Più superficiali di così non siamo riusciti, spiacenti.
tip 1 di 2 su com’è fatta Vienna: non è detto che vi servano abbonamenti ai mezzi pubblici, se amate camminare e vivere a piedi la città, perché Vienna, quantomeno nei suoi quartieri attorno al centro, non è enorme
tip 2 di 2 su com’è fatta Vienna: in inverno è fatta di freddo. Maglia termica sotto al maglione e, volendo, pantaloni termici. Ci ringrazierete
Cosa abbiamo fatto? E visto? E sentito?
Eh ma quante domande…
I nostri cinque giorni qui, tra un freddo pungente, un’umidità indiscreta, qualche fiocco bianco e ventate on the rocks, son passati senza liste delle top N cose da vedere, sicché si è camminato molto e ci si è permessi qualche giro fuori standard.
Per dormire (e cenare a casa, di fatto) abbiamo scelto il quartiere di Wieden, davvero gradevole e poco turistico, ad una passeggiata di distanza dal centro lungo il lato ovest del Castello di Belvedere. La struttura, Pakat Residences, è un palazzo dedicato allo scopo, funzionale, pulito e certamente all’altezza dei severi canoni di Dateme retta.
Musei
A Vienna è un po’ bizzarro fare una vacanza senza visitare nemmeno un museo. C’è un “catalogo” di possibilità davvero imponente. Qualunque ricerca preparatoria di un soggiorno qui vi porterà un elenco che sarà impossibile esaurire nel corso della vacanza. Le nostre scelte, dettate da considerazioni che vi diremo sotto, sono state solo due, in modo da avere altro tempo per conoscere la città anche fuori dal suo centro, seguire altri eventi e godersi una pianificazione non aggressiva. Va aggiunto che, se si è davvero appassionati, ciascuna delle due scelte può richiedere anche una giornata.
Kunsthistorisches Museum Questo a nostro avviso va scelto a prescindere. Collezione magnifica, esposizione di altissimo livello con molta luce naturale, sale funzionalmente pensate per godere delle opere. C’è un bar al centro del museo, che non abbiamo provato ma che è molto bello e fa molto coffee culture viennese
Si visita anche un palazzo con le sue sale, al di là delle molte opere esposte
Si passeggia lungo un grande giardino, peraltro percorribile anche non facendo biglietti
Si visitano tre edifici vivendo tre contesti diversi per ambientazione, mood, esposizione, periodo storico, partendo dal medioevo e arrivando al contemporaneo col Belvedere 21.

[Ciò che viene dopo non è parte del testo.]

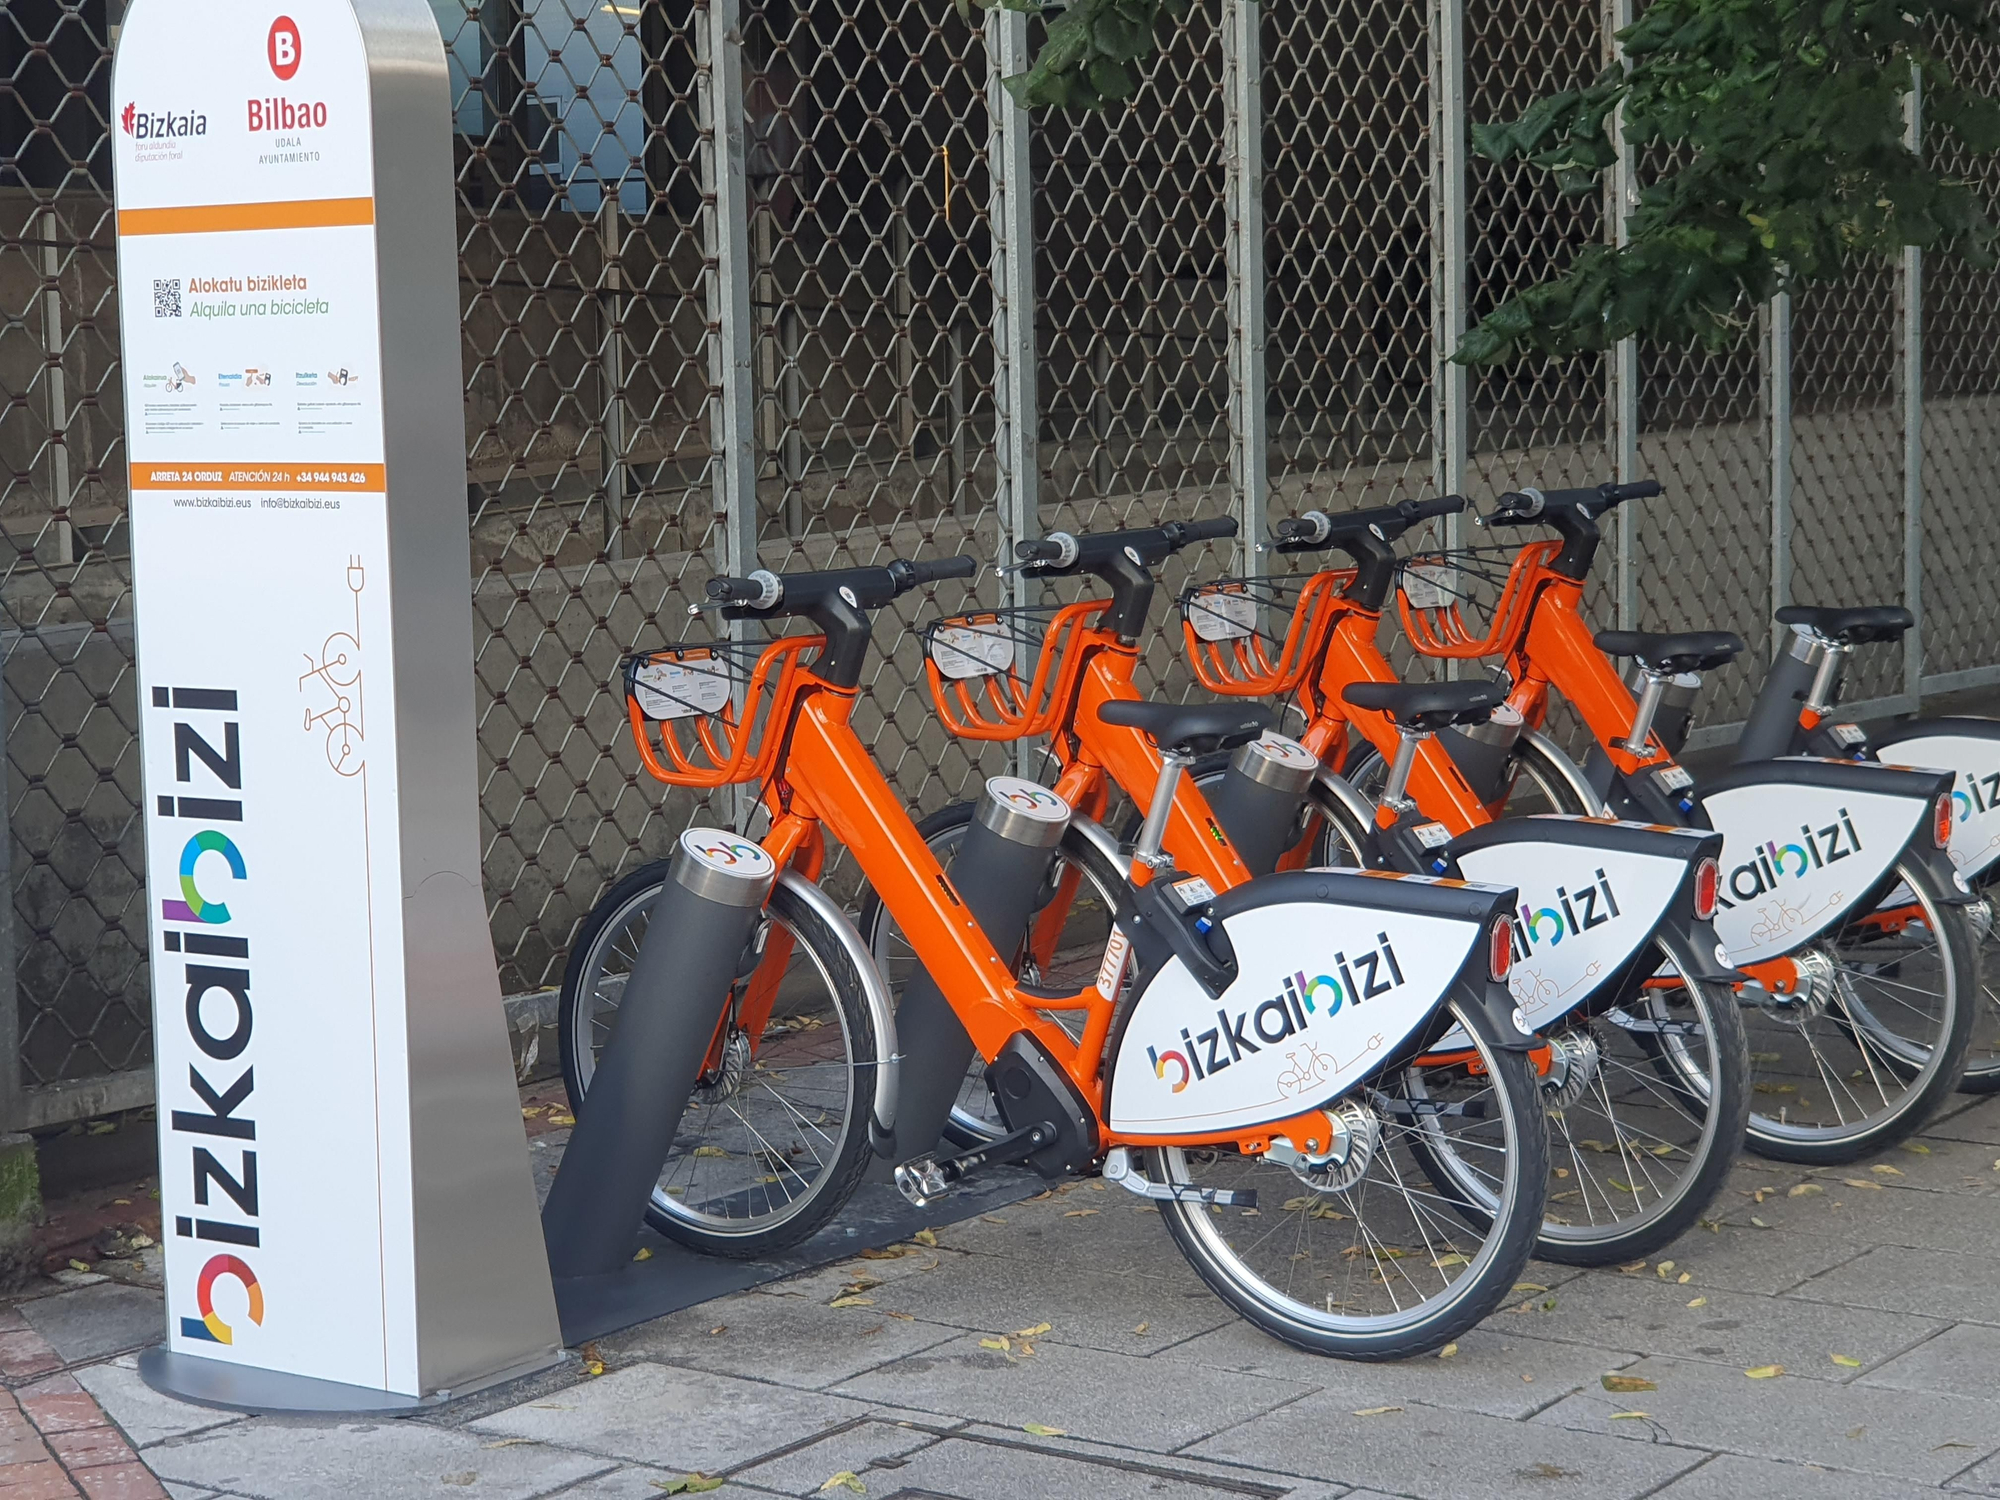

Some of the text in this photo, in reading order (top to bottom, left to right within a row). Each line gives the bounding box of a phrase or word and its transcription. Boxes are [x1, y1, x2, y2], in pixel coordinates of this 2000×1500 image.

Si dice spesso che Vienna è cara. Di sicuro per un italiano non è economica, ma tra ciò che effettivamente costa di più ci sono di certo i biglietti dei musei. Le due visite, in ogni caso, valgono il prezzo.
Chiese
Tante e belle. Ne abbiamo viste alcune e quindi, ovviamente senza pretese di esaustività, vi diciamo di non perdervi queste:
in centro (dentro il Ring, quindi):
San Pietro, praticamente lungo il Graben
Sant’Agostino, alle spalle di Hofburg
San Ruperto, in una piazzetta che è anche un suggestivo ingresso al ghetto ebraico dal fiume
Santa Maria sulla riva (arrivateci da Tiefer Graben per govervi un bel colpo d’occhio)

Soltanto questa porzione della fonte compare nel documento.